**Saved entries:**
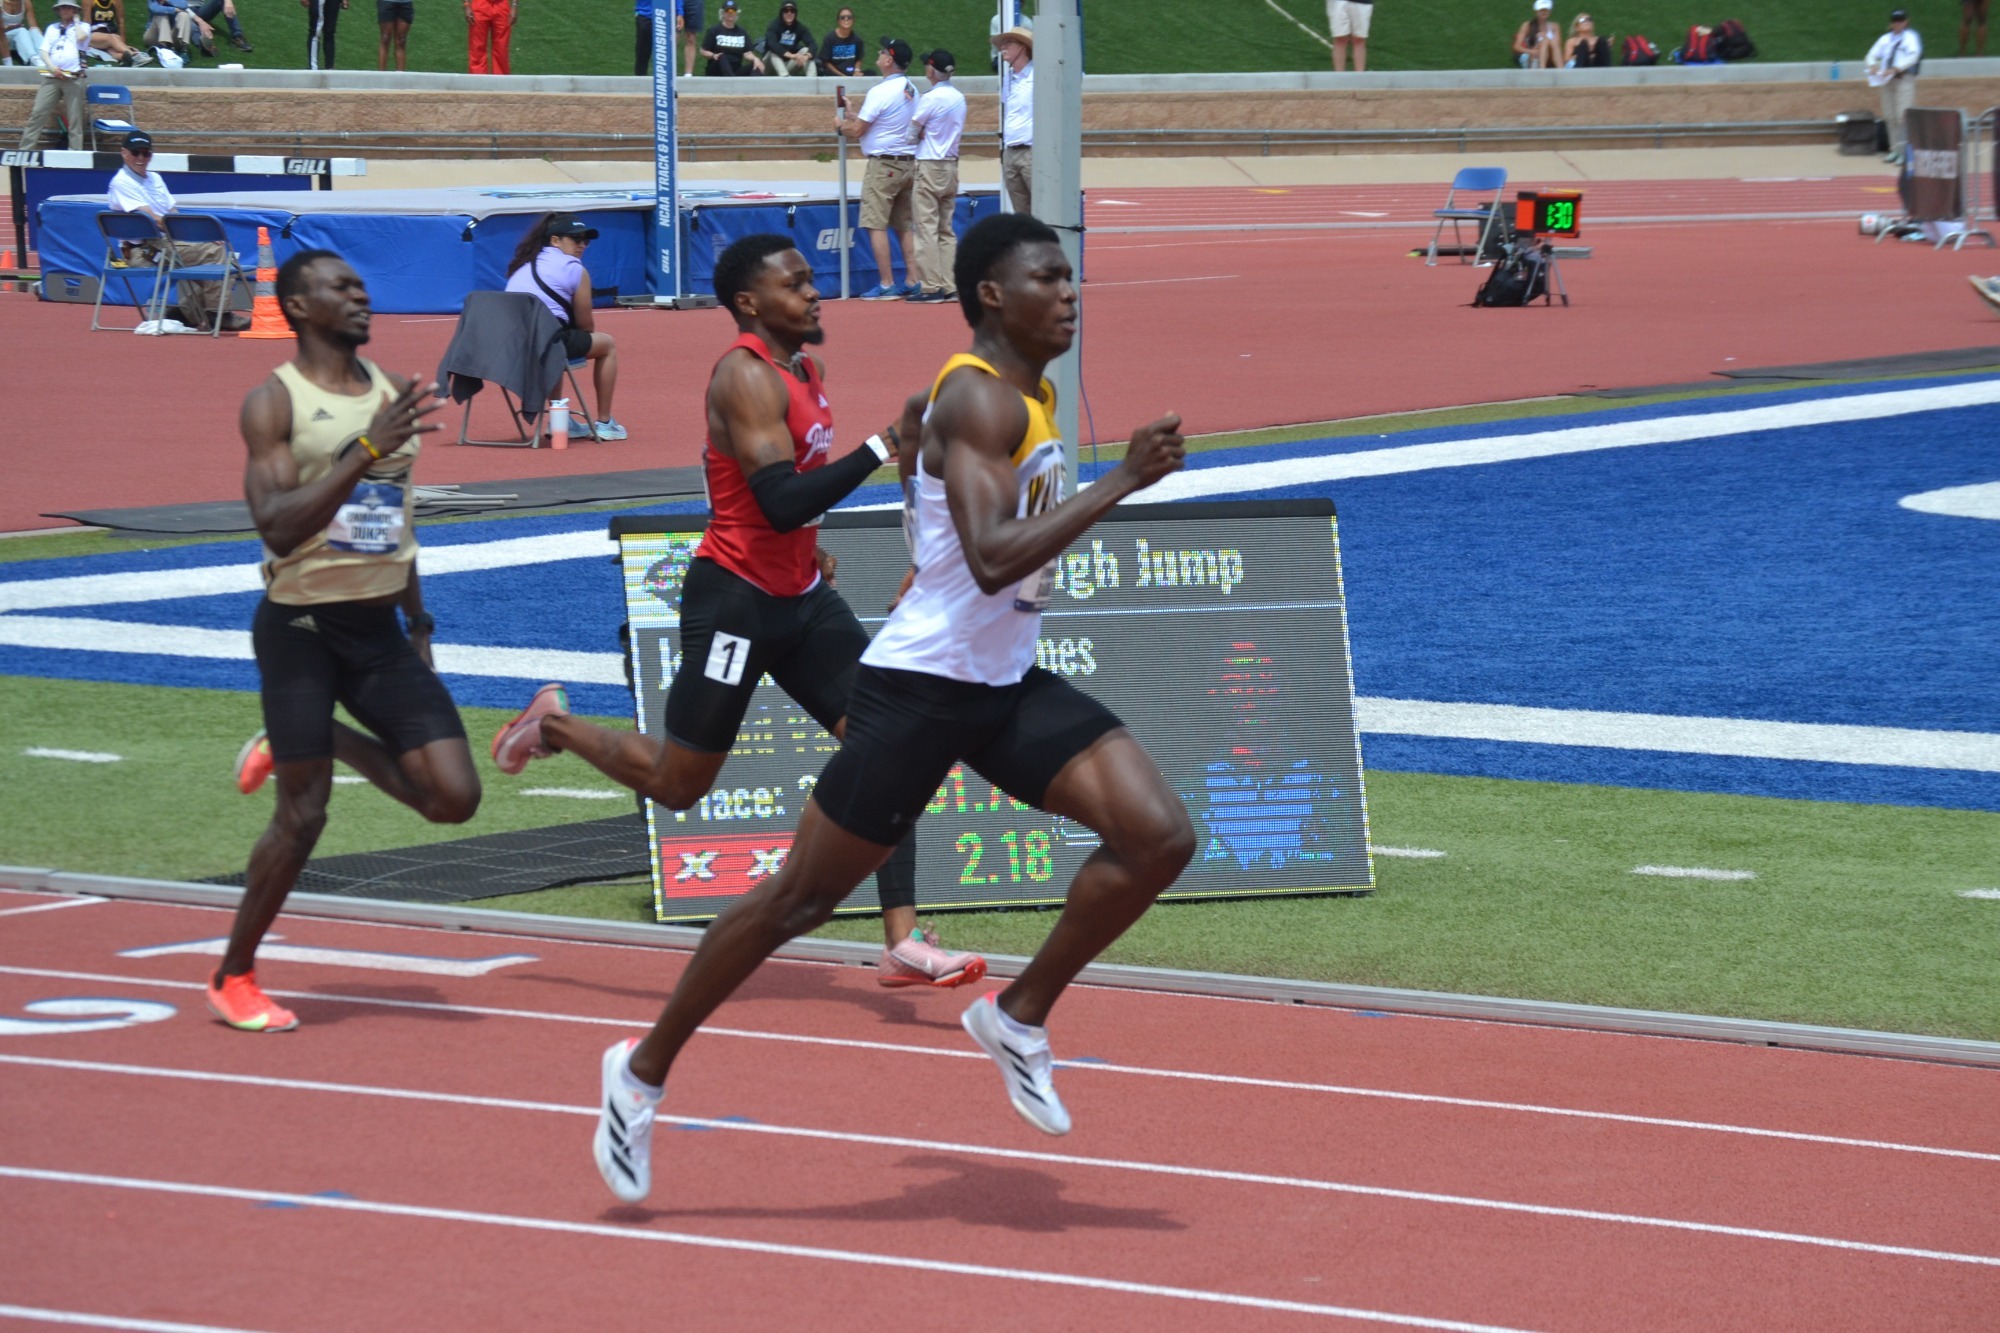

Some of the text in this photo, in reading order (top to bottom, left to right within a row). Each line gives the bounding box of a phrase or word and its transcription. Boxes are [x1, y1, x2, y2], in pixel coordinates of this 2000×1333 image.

[655, 8, 671, 227] NCAA TRACK & FIELD CHAMPIONSHIPS
[1, 151, 41, 167] GILL
[287, 158, 327, 174] GILL
[816, 228, 856, 250] GIL
[662, 248, 670, 274] GILL
[1136, 538, 1244, 595] Jump
[722, 640, 738, 680] 1
[675, 787, 787, 822] lace:
[956, 830, 1053, 885] 2.18
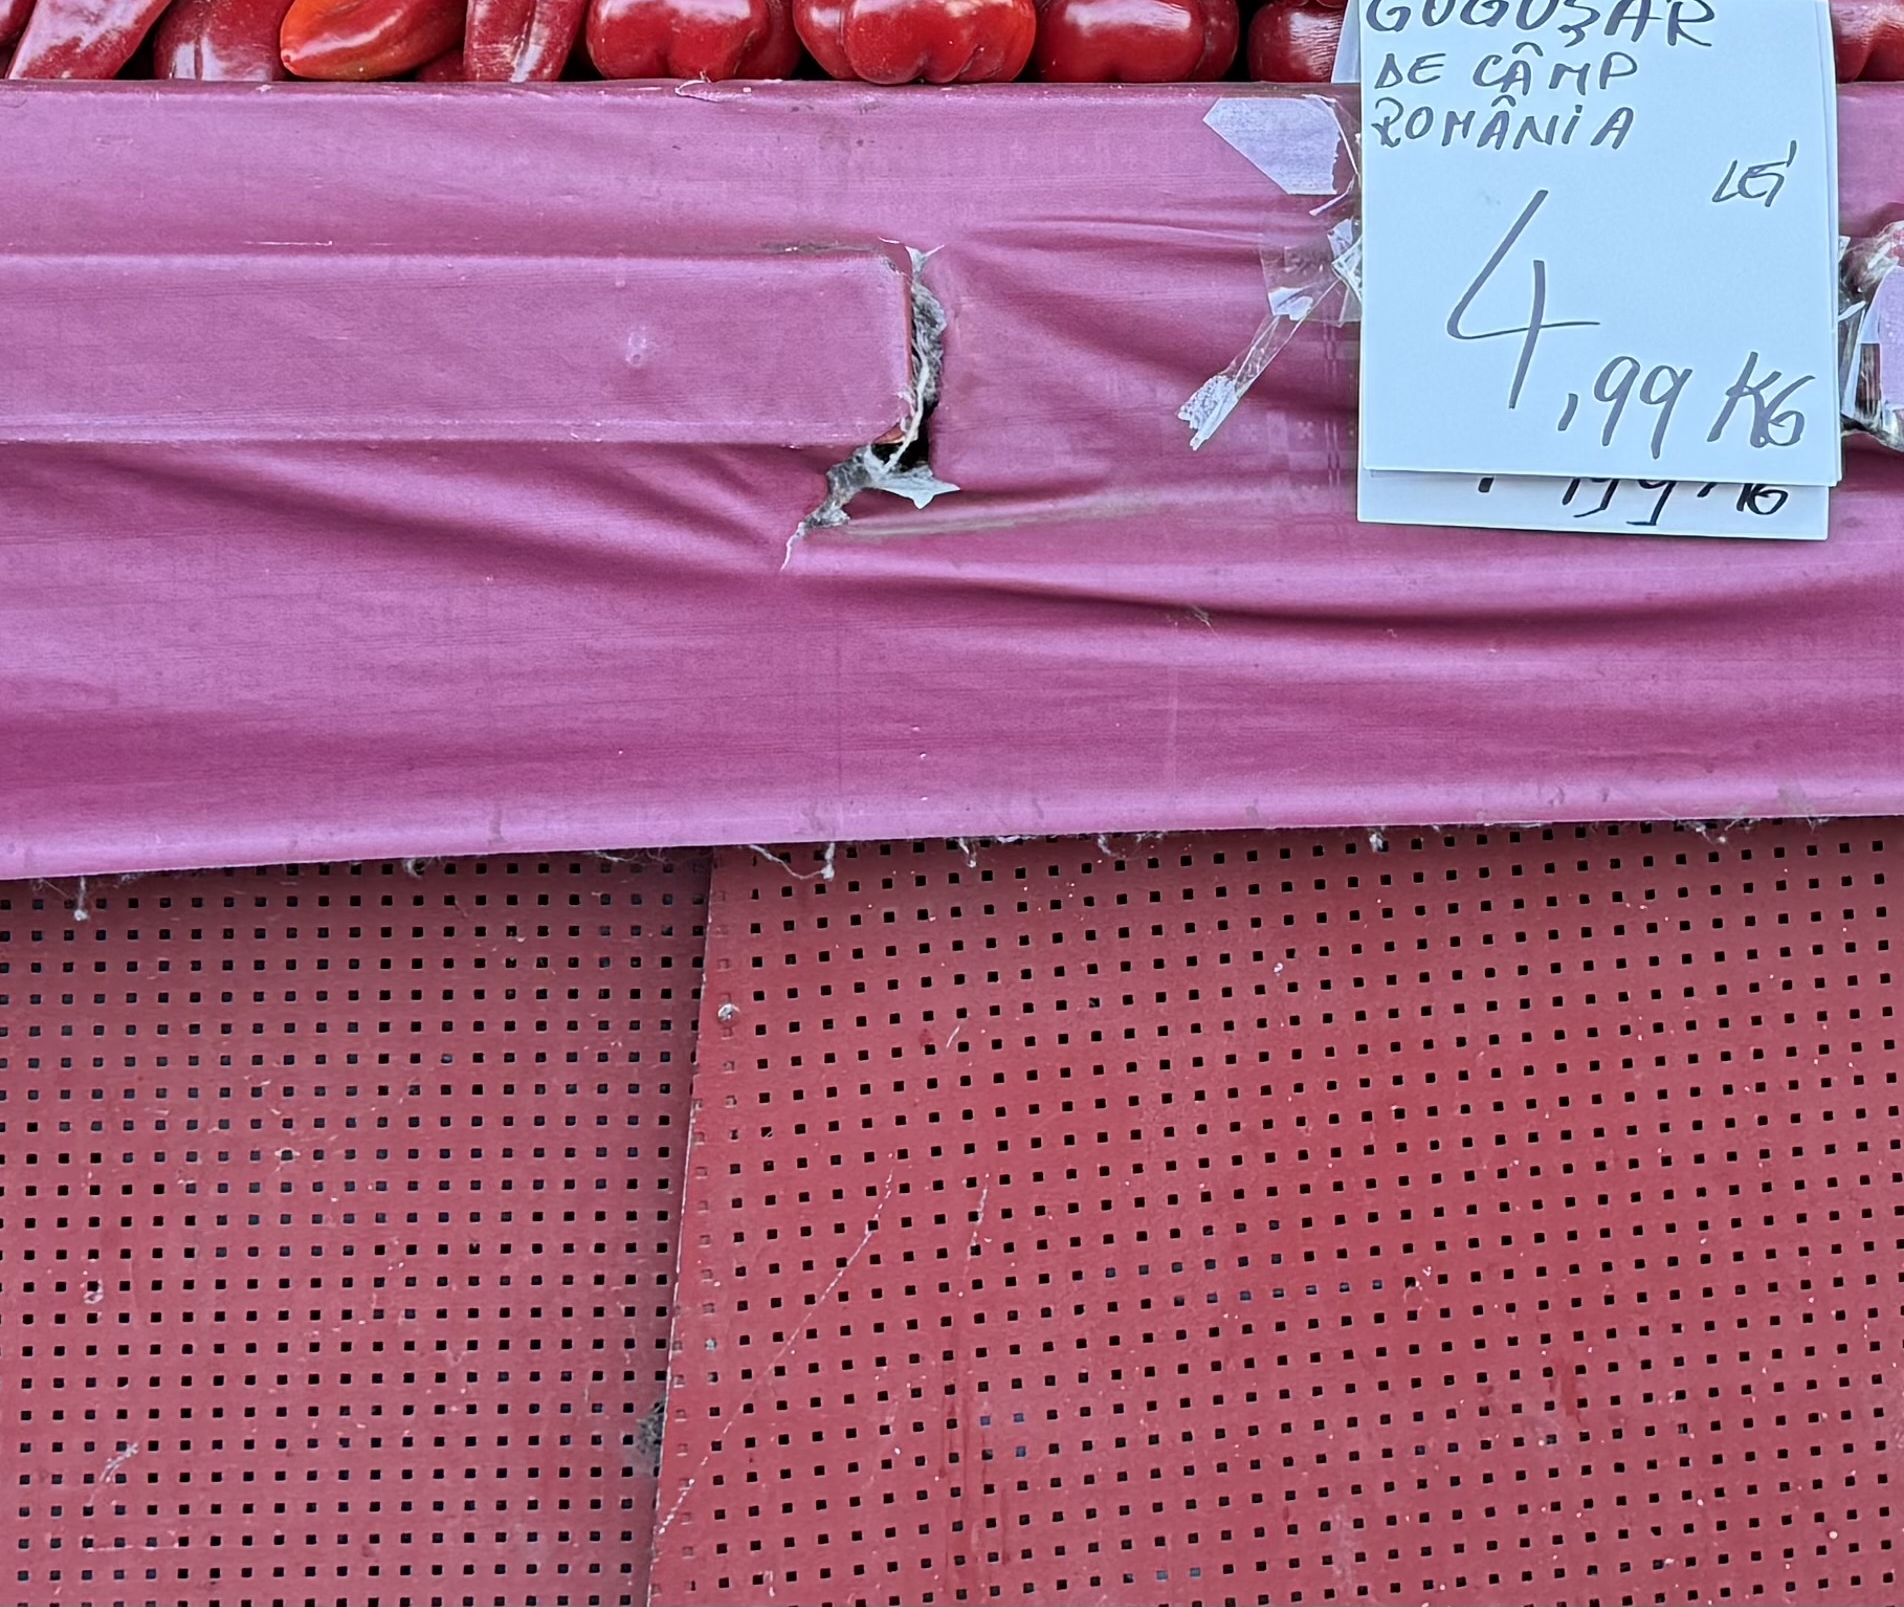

**TO DO:**
Here the job is to repeat the entries verbatim while leaving all pictures out.

**RESULT:**
Some of the text in this photo, in reading order (top to bottom, left to right within a row). Each line gives the bounding box of a phrase or word and its transcription. Boxes are [x1, y1, x2, y2], in pixel coordinates of this 2000×1333 image.

[655, 8, 671, 227] NCAA TRACK & FIELD CHAMPIONSHIPS
[1, 151, 41, 167] GILL
[287, 158, 327, 174] GILL
[816, 228, 856, 250] GIL
[662, 248, 670, 274] GILL
[1136, 538, 1244, 595] Jump
[722, 640, 738, 680] 1
[675, 787, 787, 822] lace:
[956, 830, 1053, 885] 2.18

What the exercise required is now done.